THE PROBLEM:
Would you give the listing again exactly, without its images?
___ RECORD SET
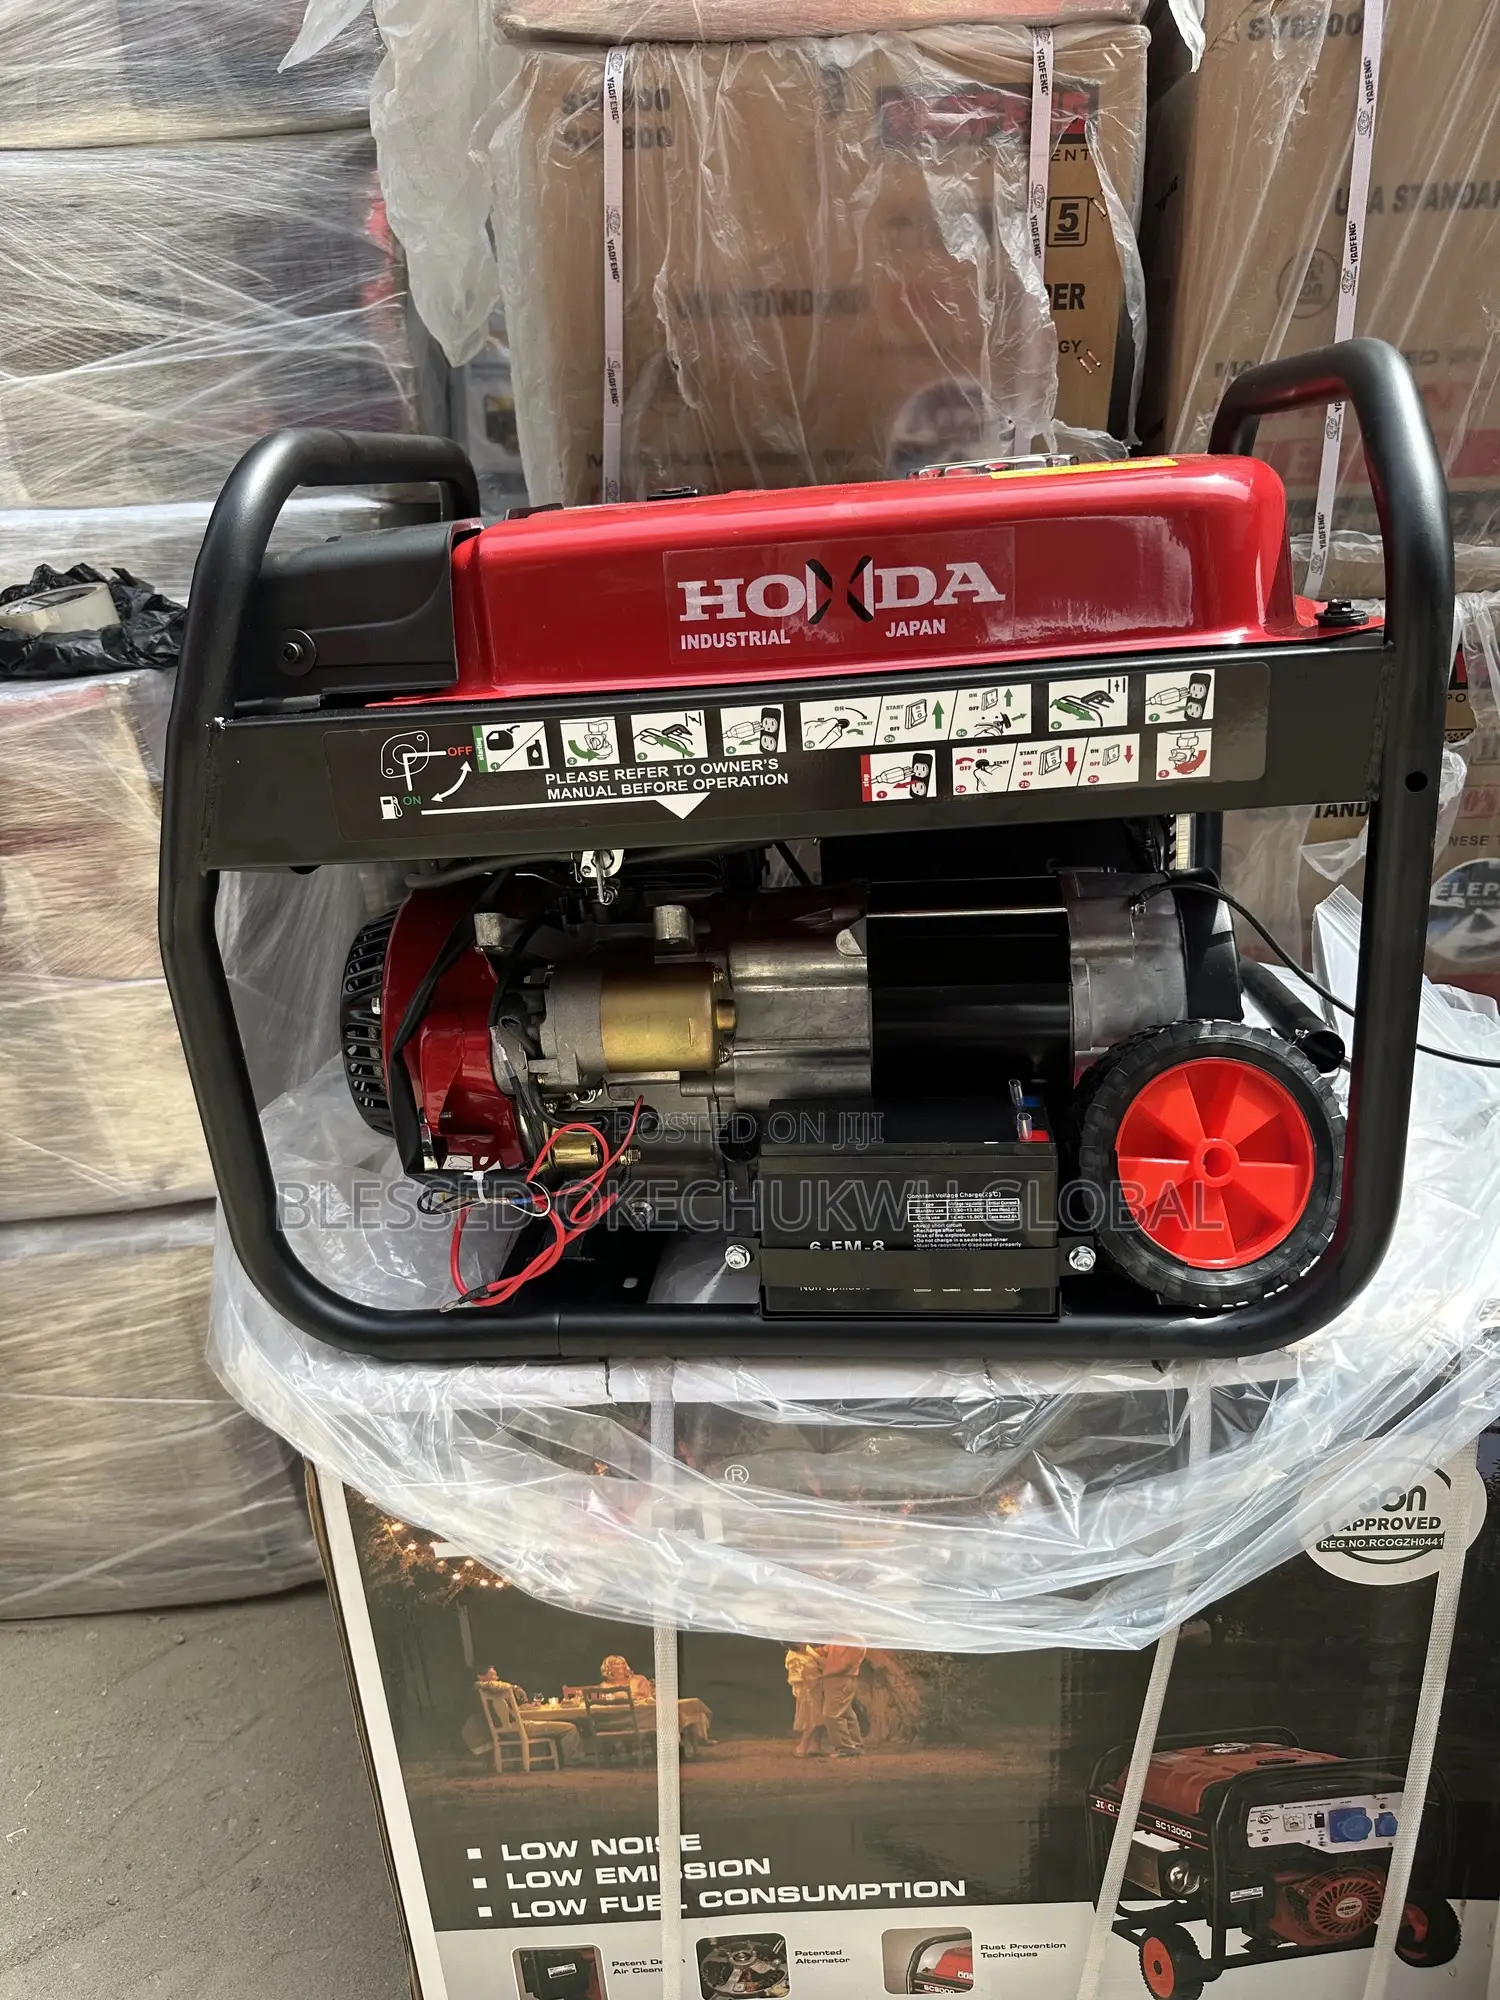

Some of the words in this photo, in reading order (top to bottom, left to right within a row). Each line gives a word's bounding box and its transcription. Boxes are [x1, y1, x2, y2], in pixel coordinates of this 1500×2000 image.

[1335, 186, 1384, 217] UA
[1057, 203, 1080, 232] 5
[885, 619, 946, 638] JAPAN
[681, 629, 791, 650] INDUSTRIAL
[447, 746, 472, 757] OFF
[545, 770, 610, 785] PLEASE
[614, 766, 669, 781] REFER
[673, 764, 696, 777] TO
[700, 758, 779, 775] OWNER'S
[547, 785, 617, 800] MANUAL
[621, 779, 688, 795] BEFORE
[692, 773, 789, 790] OPERATION
[403, 796, 421, 805] ON
[1437, 882, 1500, 897] ELEP
[1155, 1820, 1192, 1839] SC13000
[501, 1840, 578, 1861] LOW
[591, 1834, 702, 1856] NOIE
[506, 1868, 583, 1889] LOW
[595, 1857, 771, 1885] EMISION
[511, 1898, 587, 1919] LOW
[698, 1880, 966, 1909] CONSUMPTION
[794, 1949, 842, 1957] Patented
[980, 1943, 1006, 1951] Rust
[1010, 1942, 1067, 1950] Prevention
[981, 1951, 1038, 1959] Techniques
[611, 1959, 647, 1967] Patent
[795, 1956, 850, 1965] Alternator
______
WRITTEN ANSWER:
Some of the words in this photo, in reading order (top to bottom, left to right within a row). Each line gives a word's bounding box and its transcription. Boxes are [x1, y1, x2, y2], in pixel coordinates of this 1500×2000 image.

[1335, 186, 1384, 217] UA
[1057, 203, 1080, 232] 5
[885, 619, 946, 638] JAPAN
[681, 629, 791, 650] INDUSTRIAL
[447, 746, 472, 757] OFF
[545, 770, 610, 785] PLEASE
[614, 766, 669, 781] REFER
[673, 764, 696, 777] TO
[700, 758, 779, 775] OWNER'S
[547, 785, 617, 800] MANUAL
[621, 779, 688, 795] BEFORE
[692, 773, 789, 790] OPERATION
[403, 796, 421, 805] ON
[1437, 882, 1500, 897] ELEP
[1155, 1820, 1192, 1839] SC13000
[501, 1840, 578, 1861] LOW
[591, 1834, 702, 1856] NOIE
[506, 1868, 583, 1889] LOW
[595, 1857, 771, 1885] EMISION
[511, 1898, 587, 1919] LOW
[698, 1880, 966, 1909] CONSUMPTION
[794, 1949, 842, 1957] Patented
[980, 1943, 1006, 1951] Rust
[1010, 1942, 1067, 1950] Prevention
[981, 1951, 1038, 1959] Techniques
[611, 1959, 647, 1967] Patent
[795, 1956, 850, 1965] Alternator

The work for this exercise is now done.